* _Task requirements_: Repeat the data in full and exactly. Leave the pictures out.
*** Opening of Provided material ***
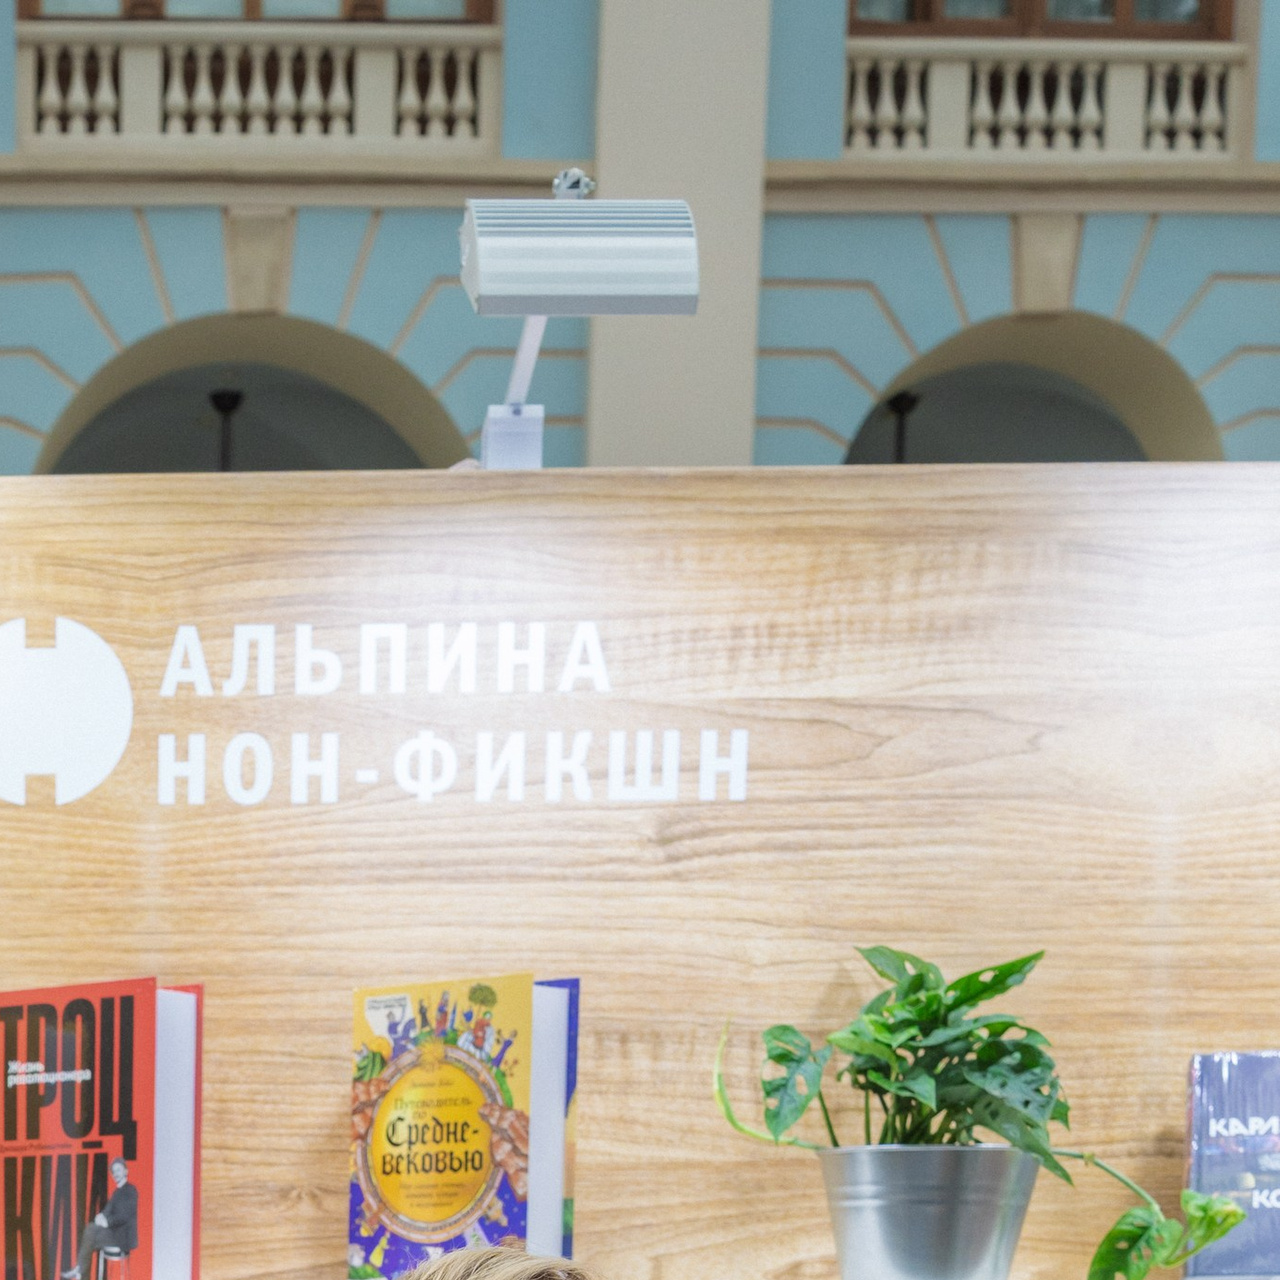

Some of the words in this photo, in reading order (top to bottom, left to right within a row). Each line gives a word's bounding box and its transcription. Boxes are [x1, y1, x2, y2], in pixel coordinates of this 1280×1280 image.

[160, 621, 612, 699] АЛЬПИНА
[158, 729, 749, 806] НОН-ФИКШН
[387, 1117, 479, 1150] Средне-
[382, 1150, 483, 1175] вековью
*** Close of Provided material ***
* _Answer to the problem_:
Some of the words in this photo, in reading order (top to bottom, left to right within a row). Each line gives a word's bounding box and its transcription. Boxes are [x1, y1, x2, y2], in pixel coordinates of this 1280×1280 image.

[160, 621, 612, 699] АЛЬПИНА
[158, 729, 749, 806] НОН-ФИКШН
[387, 1117, 479, 1150] Средне-
[382, 1150, 483, 1175] вековью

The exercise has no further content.